Ontario couple to appeal U.S. judge’s decision to dismiss sperm bank lawsuit

By Kate Brumback, The Associated Press

ATLANTA – An Ontario couple is “very disappointed” that an Atlanta judge has dismissed their lawsuit against a sperm bank and sperm donor they allege misrepresented the donor’s medical and social history and will appeal the ruling, their lawyer said Wednesday.

Angela Collins and Margaret Elizabeth Hanson, of Port Hope, Ont., filed the lawsuit in March against Xytex Corp., its parent company, sperm bank employees and the donor.

Collins and Hanson alleged that sperm bank employees talked up the donor, saying he was smart, healthy and mature. They say in the lawsuit they later found out the donor is schizophrenic, dropped out of college and had been arrested for burglary.

Fulton County Superior Court Judge Robert McBurney wrote in an order filed Tuesday that while the lawsuit makes allegations including fraud, negligence and product liability, each claim is “rooted in the concept of wrongful birth,” which isn’t recognized under Georgia law.

The concept of “wrongful birth” arises when parents claim they would not have gone forward with a birth if they had been fully informed of a fetus’s condition, McBurney wrote, later adding: “This claim most closely (though by no means perfectly) fits a claim for wrongful birth — and so is not allowed.”

Nancy Hersh, a lawyer for Collins and Hanson, said her clients are “very, very disappointed” by the decision and have already retained appellate counsel.

A representative for Xytex did not immediately respond to an email seeking comment Wednesday.
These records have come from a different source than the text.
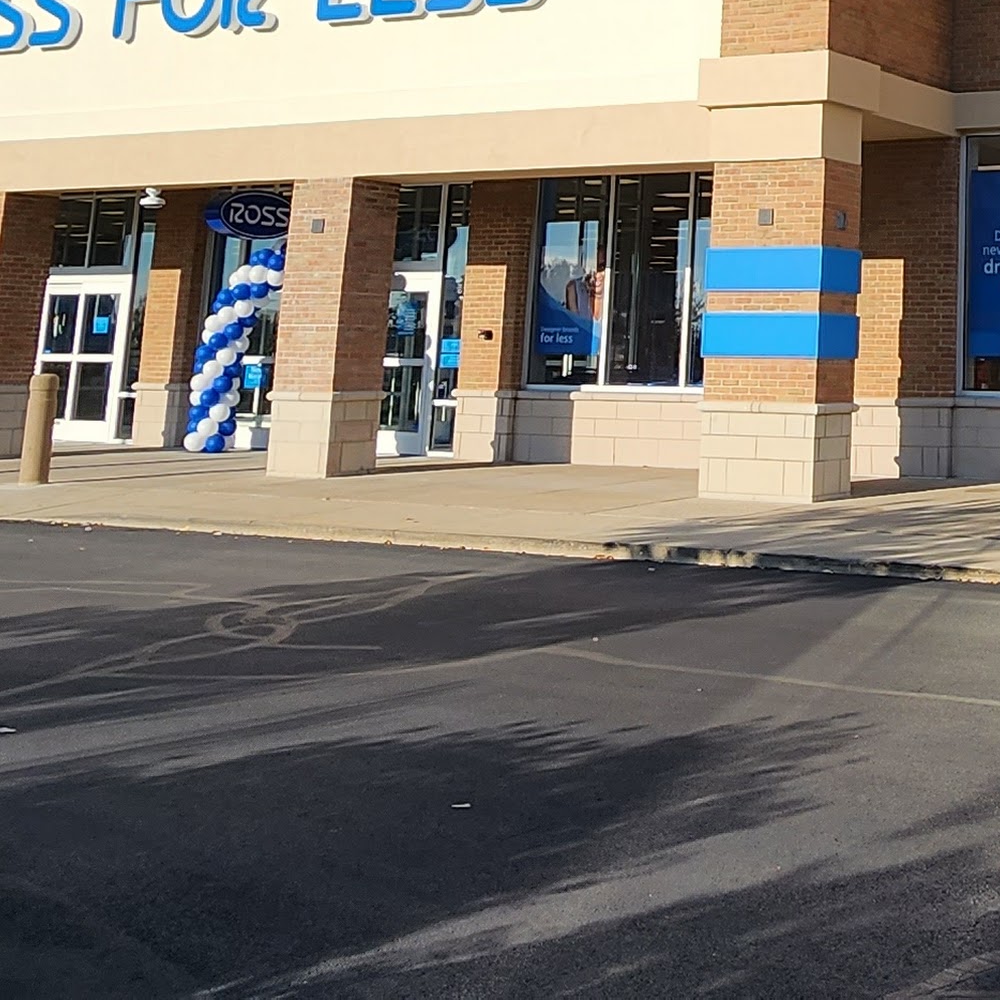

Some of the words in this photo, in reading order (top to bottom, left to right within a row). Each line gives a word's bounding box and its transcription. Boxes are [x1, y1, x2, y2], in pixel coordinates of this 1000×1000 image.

[229, 202, 290, 227] ROSS
[540, 333, 554, 343] for
[556, 333, 573, 344] less
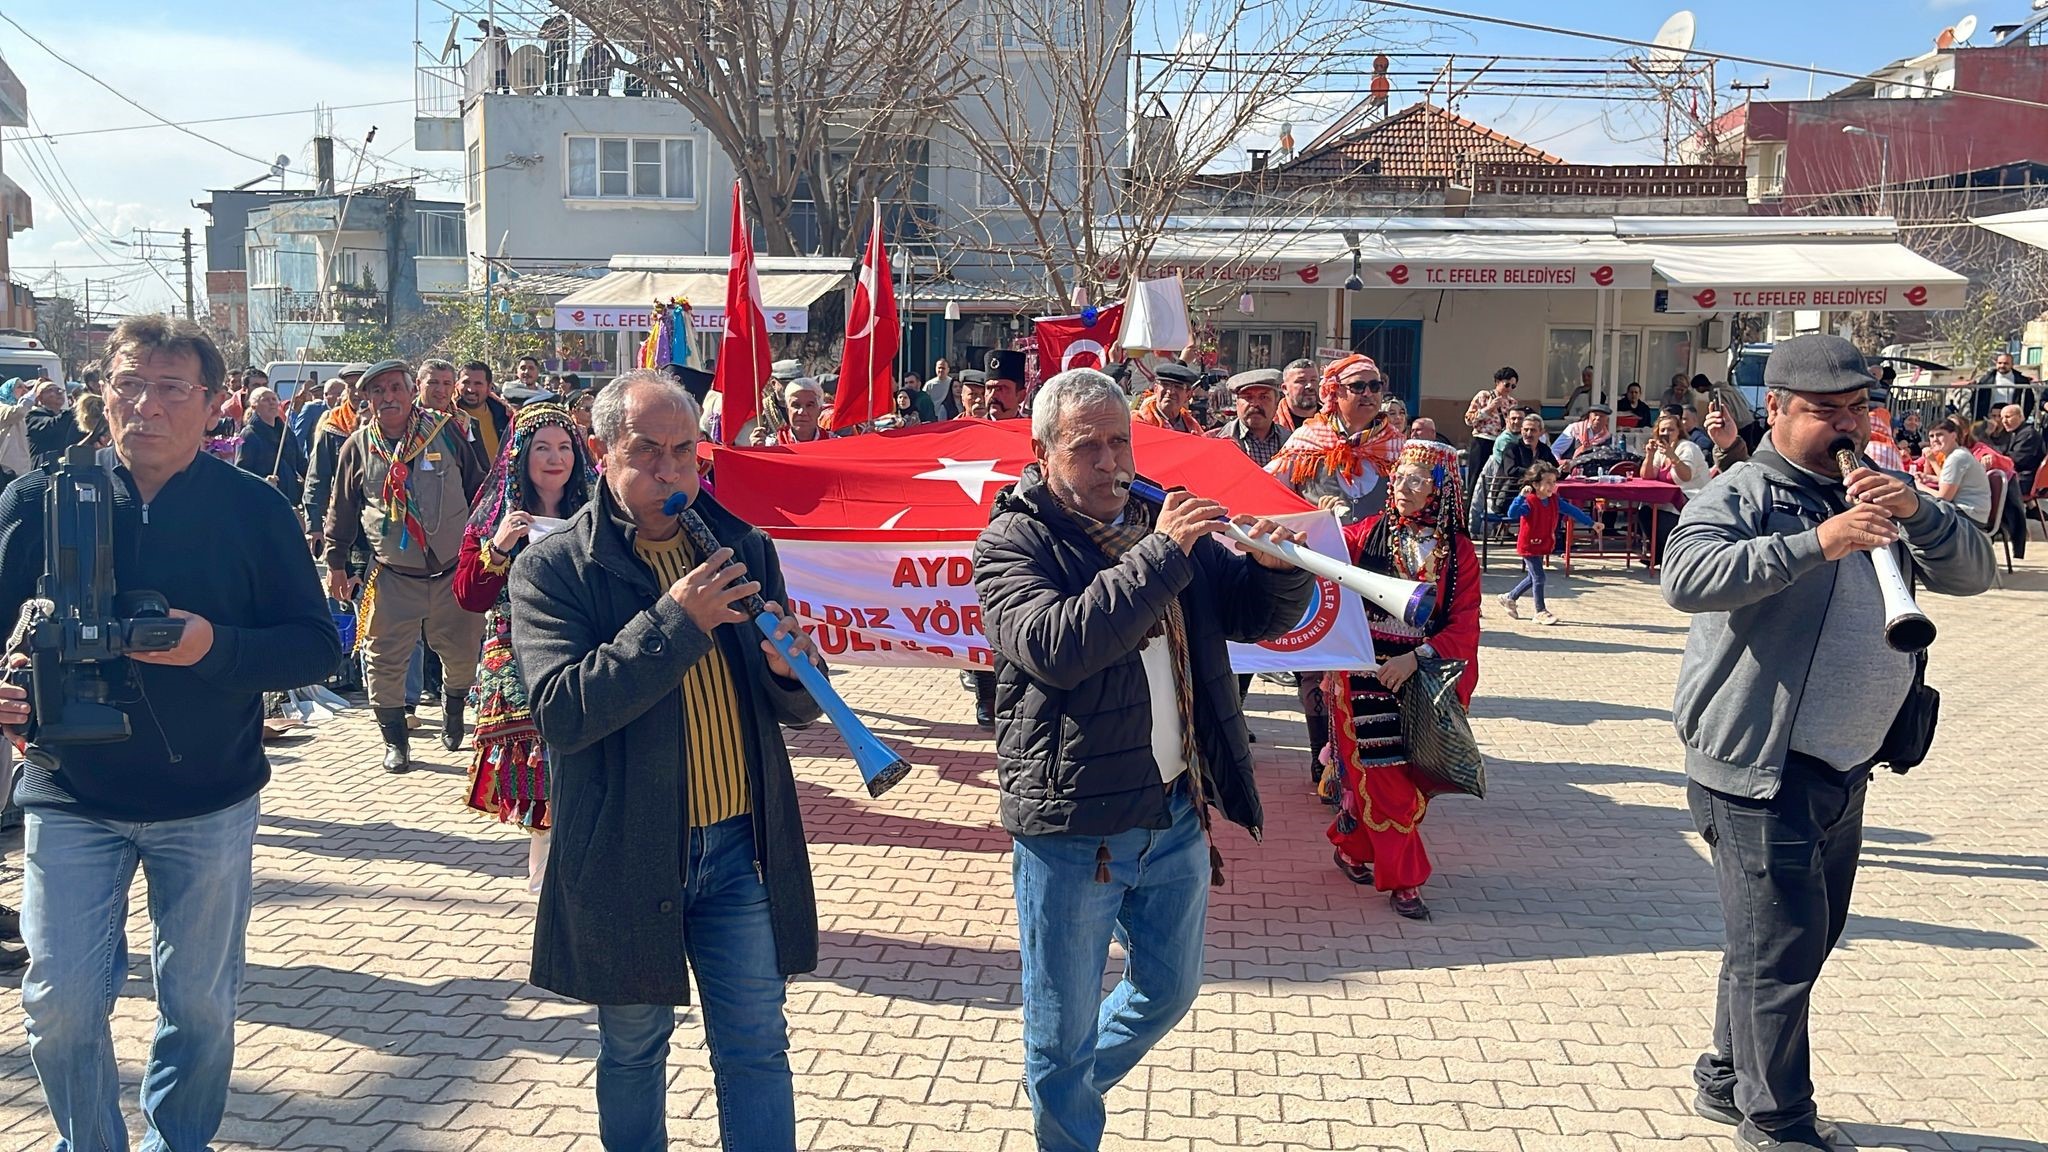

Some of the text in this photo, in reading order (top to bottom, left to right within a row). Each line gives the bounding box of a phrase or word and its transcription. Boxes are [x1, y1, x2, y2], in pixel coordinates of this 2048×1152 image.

[1425, 266, 1576, 284] T.C. EFELER BELEDİYESİ
[1733, 287, 1887, 306] T.C. EFELER BELEDİYESİ
[593, 313, 614, 327] T.C.
[892, 556, 974, 588] AYD
[1322, 580, 1335, 610] ELER
[788, 598, 986, 636] ILDIZ YÖR
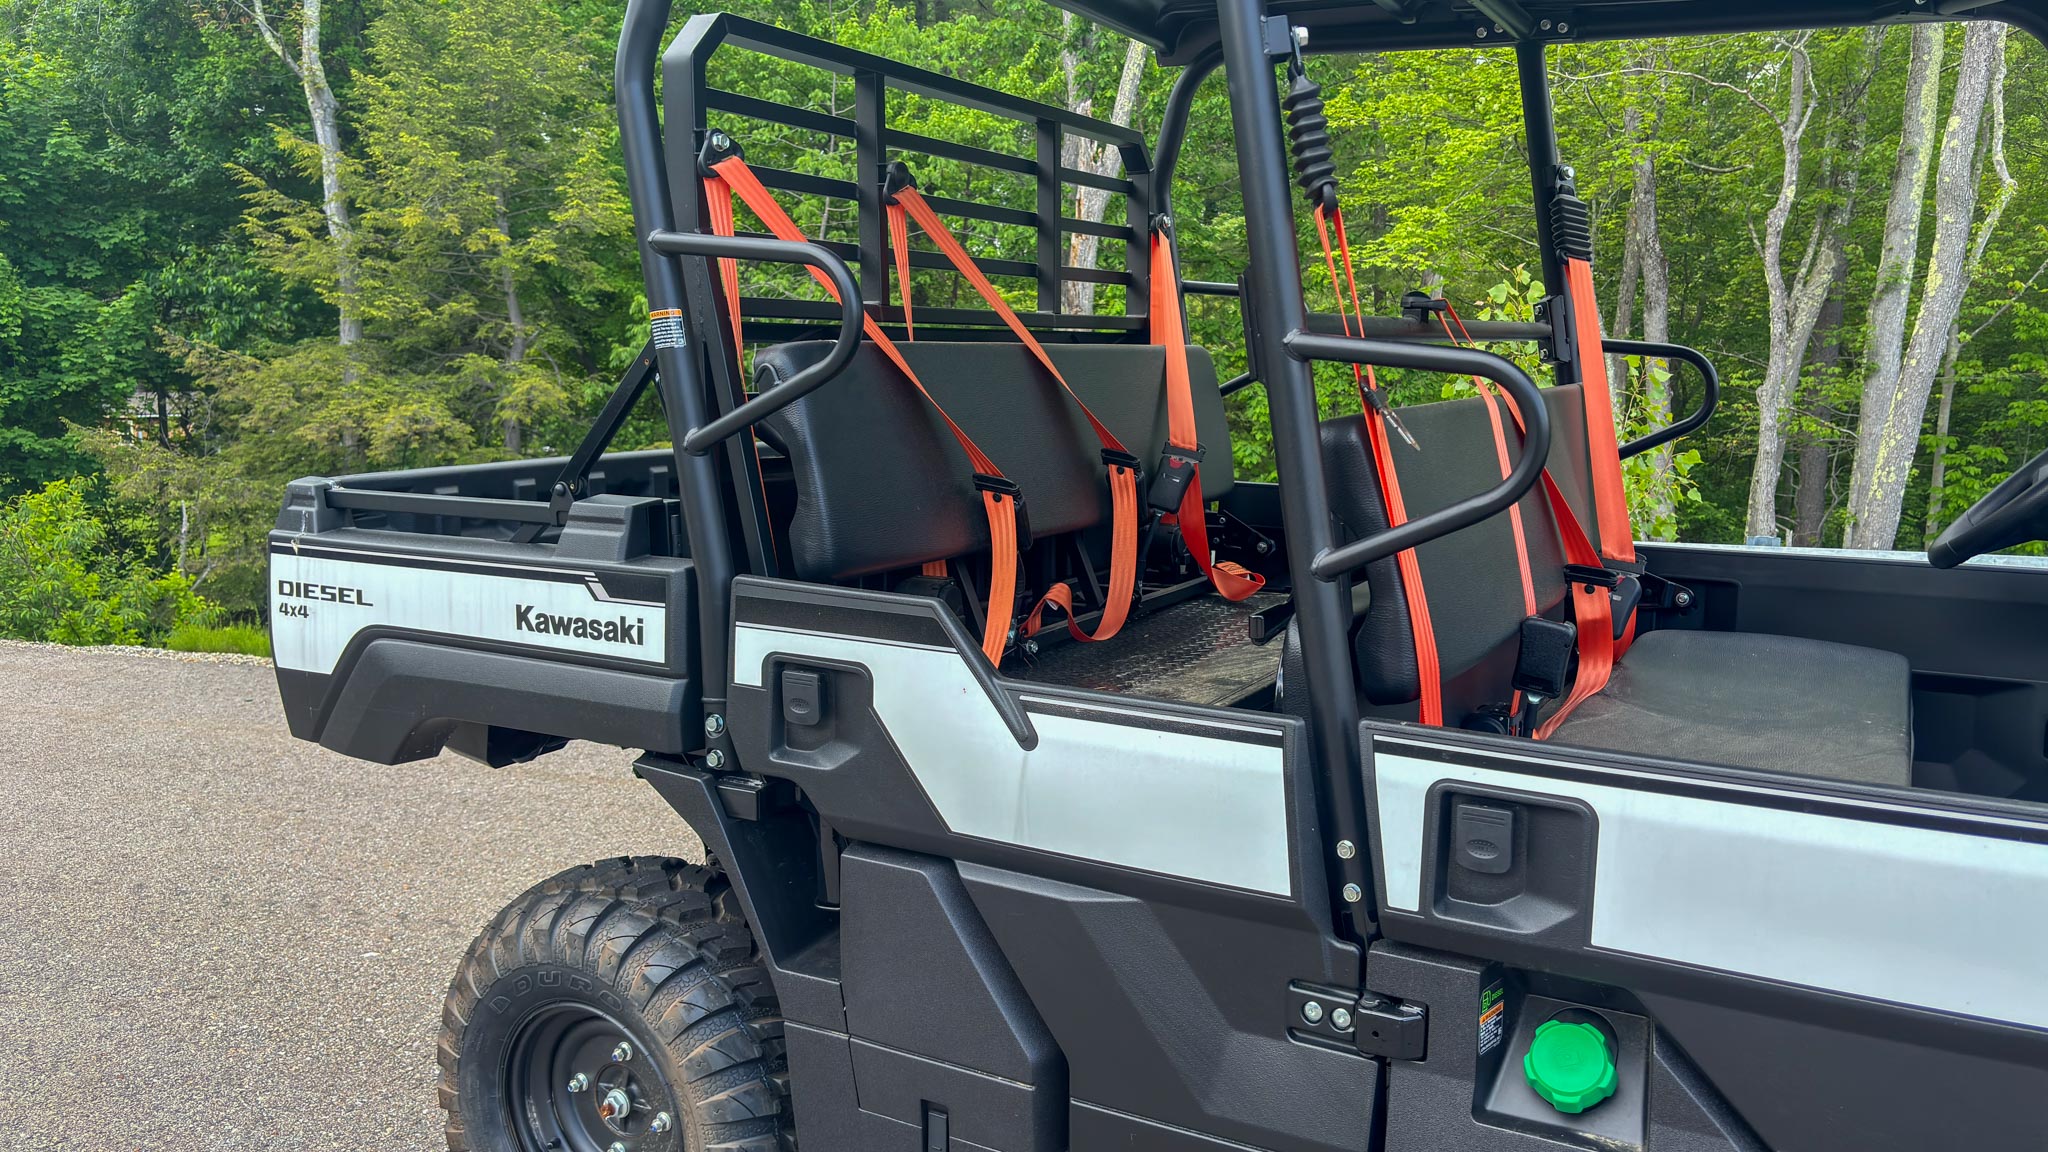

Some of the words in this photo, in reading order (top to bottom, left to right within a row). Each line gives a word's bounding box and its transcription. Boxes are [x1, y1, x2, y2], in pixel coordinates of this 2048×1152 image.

[278, 579, 374, 607] DIESEL
[279, 602, 310, 619] 4x4
[515, 603, 644, 646] Kawasaki
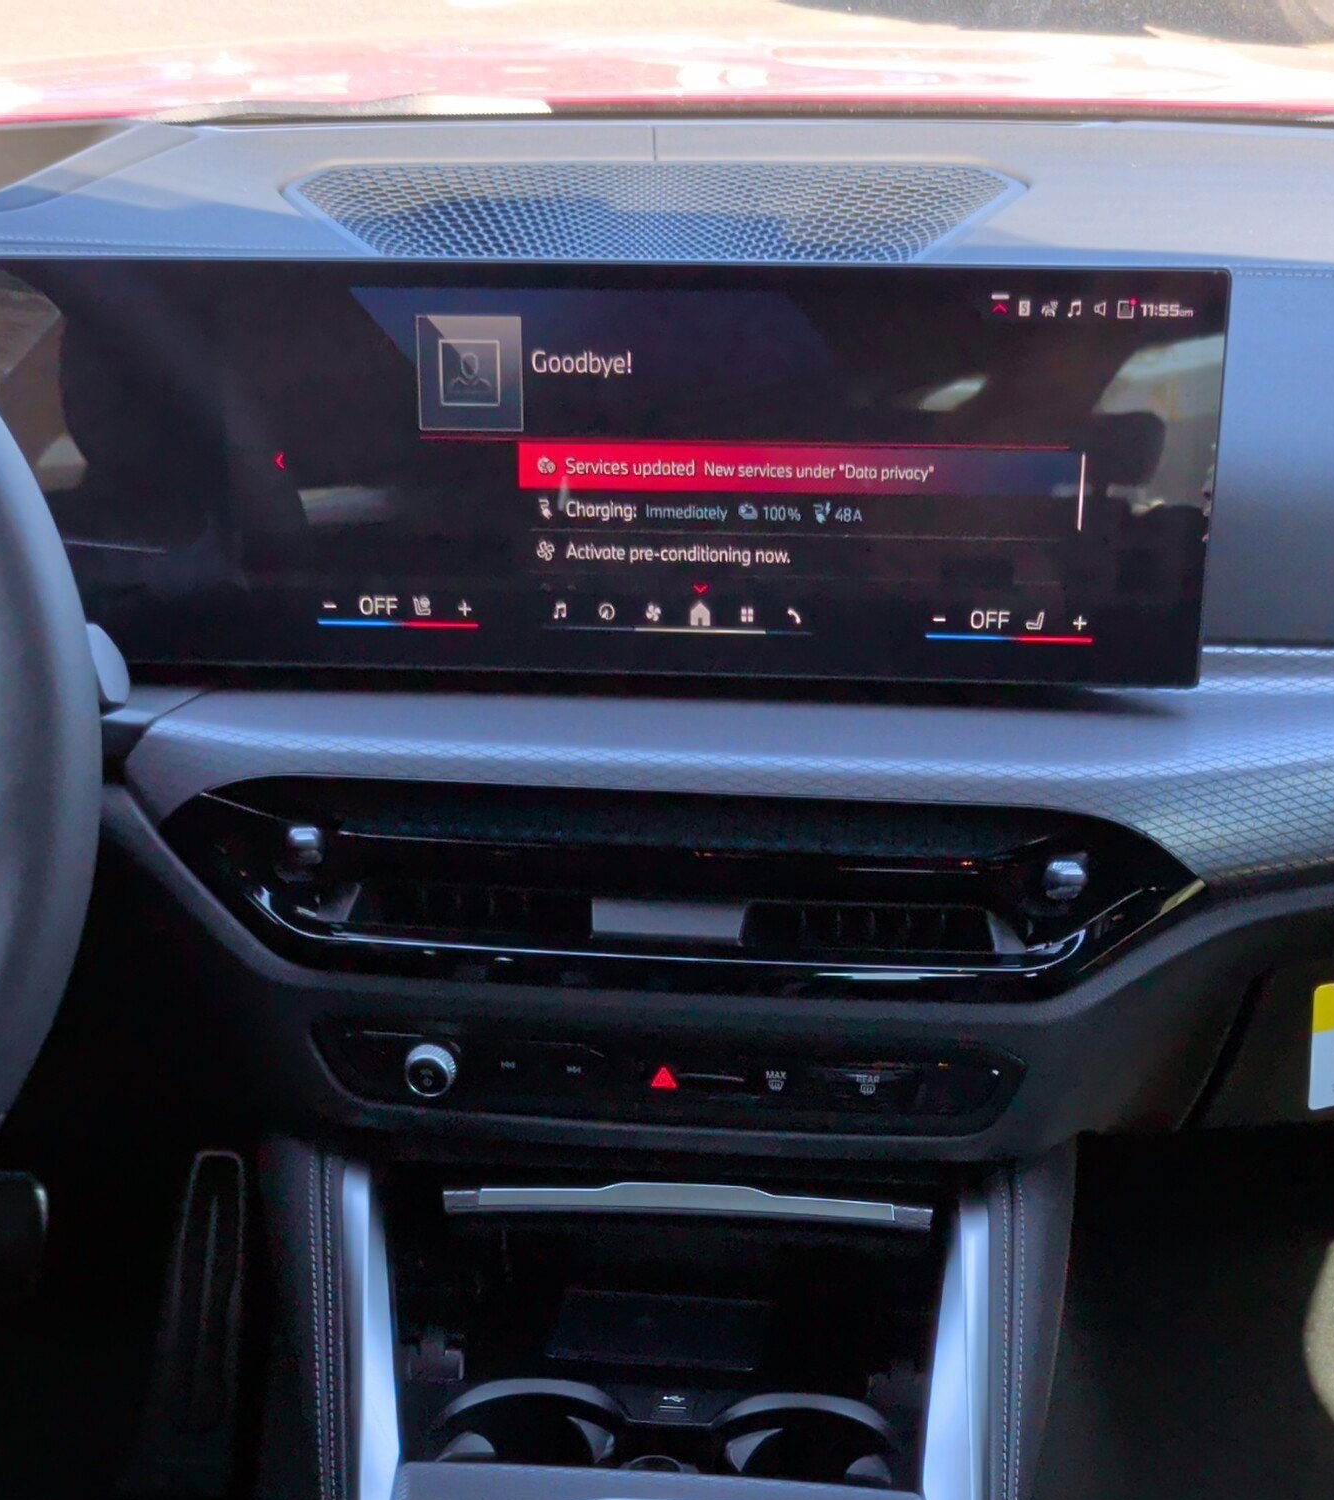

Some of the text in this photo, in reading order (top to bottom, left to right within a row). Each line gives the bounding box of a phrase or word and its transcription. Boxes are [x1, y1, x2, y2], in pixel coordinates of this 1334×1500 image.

When the lawsuit was filed earlier this year, the company denied “any assertion that it failed to comply with the highest standards for testing.”

McBurney acknowledged that rapid developments in reproductive science have given rise to complicated issues that may need to be addressed by the law.

“Science has once again — as it always does — outstripped the law,” he wrote. “Plaintiffs make a compelling argument that there should be a way for parties aggrieved as these Plaintiffs are to pursue negligence claims against a service provider in pre-conception services. After all, the human life that makes the calculus so complicated has not yet begun when would-be parents are working with companies such as Xytex.”

But Hersh said she doesn’t believe the case is a wrongful birth case and that McBurney could have allowed the case to move forward on the negligence claims. She said her clients plan to appeal the judge’s ruling.

“I agree that the law lags behind science,” Hersh said. “I do feel that the decision is wrong because it permits bad behaviour by companies such as Xytex who generate millions of dollars in revenues by misrepresenting their product.”

Sperm banks have been around for decades but are loosely regulated. The U.S. Food and Drug Administration requires screening of donors, but that is limited to contagious or infectious diseases. And two professional associations — the American Society for Reproductive Medicine and the American Association of Tissue Banks — provide guidelines that include additional screening, but those are only recommendations.

Collins and Hanson decided to begin a family in 2006 and learned there were three sperm banks approved by Health Canada, the lawsuit said.

After an extensive review of each company, the pair decided on Xytex, then chose their donor after being told, among other details, that he was working on his PhD in Neuroscience Engineering, had a Masters in Artificial Intelligence, was “mature beyond his years,” and was “among their best donors,” the lawsuit said.

Collins then gave birth to the couple’s son in 2007 and was connected with an online group of mothers through Xytex who all had children from the same donor.

The sperm bank mistakenly sent the couple several emails in June 2014 that revealed the donor’s name, and they discovered through online searches that the donor had qualities that raised serious concerns and that weren’t disclosed to them, the lawsuit says.

A lawyer for Collins and Hanson has said their child is healthy, but the lawsuit says the revelation that their son’s biological father was diagnosed with schizophrenia means they have to pay to have the boy evaluated regularly and, in the event that he is diagnosed with schizophrenia, get him treatment.

The couple wants a medical monitoring fund established for the estimated three dozen children of the donor so they can be tested and treated, if necessary. Collins and Hanson were also seeking punitive damages and other compensation.